As Challand shared during her presentation, similar to Lebanon, Egypt has stipulated that any biosimilars approved by the FDA or EMA will be eligible for a fast-track approval in the country. However, fast-track does not necessarily mean what it does in other nations. Not only does it lack efficiency, this approval also doesn’t guarantee the product will reach the market. One reason for this is the lack of risk management program infrastructure which is a big stumbling block for many of MENA countries. That said, a recent article on biosimilar use in emerging markets by McKinsey & Company singles Egypt out as a country poised to see increasing biosimilar sales — as much as 10 to 15 percent annually through 2025.
Regulatory Goals, Collaborations, And Current Considerations
It could be argued that the region (with all of its separately regulated countries) could combine forces from a regulatory standpoint — similar to that of the EMA in Europe. However, as Challand emphasized, though there was a meeting to discuss such a move several years ago, it was left unresolved due to irreconcilable differences amongst the countries. That said, however, there is still great willingness amongst MENA regulators to learn about biosimilars.

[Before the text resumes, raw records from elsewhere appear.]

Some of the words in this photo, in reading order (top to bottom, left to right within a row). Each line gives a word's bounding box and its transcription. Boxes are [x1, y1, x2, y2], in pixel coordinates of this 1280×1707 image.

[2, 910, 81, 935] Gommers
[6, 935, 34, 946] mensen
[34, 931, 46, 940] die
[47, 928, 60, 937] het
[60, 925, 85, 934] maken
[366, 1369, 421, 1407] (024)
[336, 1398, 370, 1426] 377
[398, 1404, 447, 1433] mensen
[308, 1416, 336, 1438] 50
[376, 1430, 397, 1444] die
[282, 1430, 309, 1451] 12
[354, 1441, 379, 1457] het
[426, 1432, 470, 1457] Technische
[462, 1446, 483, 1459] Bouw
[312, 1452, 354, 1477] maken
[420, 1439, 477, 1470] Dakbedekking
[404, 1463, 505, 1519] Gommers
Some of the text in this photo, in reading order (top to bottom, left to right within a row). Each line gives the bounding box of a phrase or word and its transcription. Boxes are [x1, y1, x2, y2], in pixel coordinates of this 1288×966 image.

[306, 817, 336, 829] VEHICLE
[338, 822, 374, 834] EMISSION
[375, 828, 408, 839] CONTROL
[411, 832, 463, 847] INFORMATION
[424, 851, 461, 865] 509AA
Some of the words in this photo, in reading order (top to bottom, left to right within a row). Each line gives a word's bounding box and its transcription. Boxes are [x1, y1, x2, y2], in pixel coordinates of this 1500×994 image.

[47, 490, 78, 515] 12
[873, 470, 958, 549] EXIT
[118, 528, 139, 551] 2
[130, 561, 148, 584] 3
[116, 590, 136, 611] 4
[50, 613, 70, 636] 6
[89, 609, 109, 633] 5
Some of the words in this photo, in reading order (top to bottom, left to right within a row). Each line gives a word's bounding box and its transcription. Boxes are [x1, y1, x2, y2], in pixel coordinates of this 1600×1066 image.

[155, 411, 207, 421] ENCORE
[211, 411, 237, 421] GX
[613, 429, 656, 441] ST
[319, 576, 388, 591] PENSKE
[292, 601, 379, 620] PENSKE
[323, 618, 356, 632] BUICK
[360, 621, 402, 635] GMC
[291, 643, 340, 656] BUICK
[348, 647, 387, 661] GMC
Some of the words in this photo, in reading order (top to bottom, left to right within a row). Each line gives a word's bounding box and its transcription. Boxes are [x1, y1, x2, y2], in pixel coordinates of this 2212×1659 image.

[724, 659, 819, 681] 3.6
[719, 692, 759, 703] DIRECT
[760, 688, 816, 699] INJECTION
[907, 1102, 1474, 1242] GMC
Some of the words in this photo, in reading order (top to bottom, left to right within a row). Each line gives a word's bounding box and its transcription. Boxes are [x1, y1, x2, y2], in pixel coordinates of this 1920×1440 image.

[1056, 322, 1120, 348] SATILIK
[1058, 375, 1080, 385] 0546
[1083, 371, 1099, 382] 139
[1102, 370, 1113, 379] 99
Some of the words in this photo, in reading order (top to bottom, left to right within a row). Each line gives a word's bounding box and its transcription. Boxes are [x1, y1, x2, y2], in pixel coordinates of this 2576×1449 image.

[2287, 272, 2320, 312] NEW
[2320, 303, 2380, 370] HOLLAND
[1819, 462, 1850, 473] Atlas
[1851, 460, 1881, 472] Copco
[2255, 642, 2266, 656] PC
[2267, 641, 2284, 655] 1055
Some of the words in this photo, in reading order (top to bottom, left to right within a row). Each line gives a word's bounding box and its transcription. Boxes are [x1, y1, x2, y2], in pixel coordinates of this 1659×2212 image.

As she shared, there have been several efforts in a number of the countries to increase awareness about biologics and biosimilars opportunities and regulations. In 2017, Istanbul hosted the first MENA region biopharma conference. In the past few years, Challand has also been to Egypt, Morocco, and Algeria for similar conferences and regulatory training sessions. She is also planning a similar educational conference in Morocco in the coming months. In addition to working closely with experts in the biosimilar field, including EMA regulators, she is organizing a forum that has long-term goals of establishing a MENA scientific committee. It’s details like this that demonstrate the regulators’ ongoing willingness to learn and support biosimilars — they just cannot do it alone.
Obviously, organizations like the WHO could play a role in educating and establishing the proper regulatory and risk management infrastructure for biologics and biosimilars in MENA. In fact, in June, the WHO will host its first workshop in the MENA region. In addition to workshops, the WHO released guidances for developing nations in the past which would be applicable to the ongoing efforts in MENA. For example, one of these resources from as far back as 2014 details how countries can put a process in place to move away from copy-biologics to biosimilars.
Though Challand believes the WHO can be helpful, she also emphasized that building this relationship with MENA will require a slow, intimate approach. As we all know, the WHO is massive, and, therefore, can be an intimidating organization. Though representatives from MENA may attend the WHO’s meetings, they may not be willing to ask questions in such a formal setting. Working more closely with the WHO in MENA is certainly in the cards, Challand said, but she anticipates these meetings will need to be on a small scale to improve communication about the WHO’s goals and MENA regulators’ understanding to-date.
Challand also put out a call to action for regulators from other countries to consider getting involved in the region. There were several instances in the past in which regulators from other countries attended meetings with MENA regulators, which proliferates scientific regulatory best practices and increases overall comfort in biosimilars. However, moving forward, there will need to be some soul-searching in terms of what regulatory strategies will be best for the region. As she explained, what is needed in Europe and the U.S., for instance, may not be the best fit for the MENA countries. The 2 percent uptake of biologics in the region needs to increase, ideally, in the near future. This will require “thinking locally” about risks and benefits and asking tough questions about the necessity for bridging studies and large Phase 3 studies for certain molecules.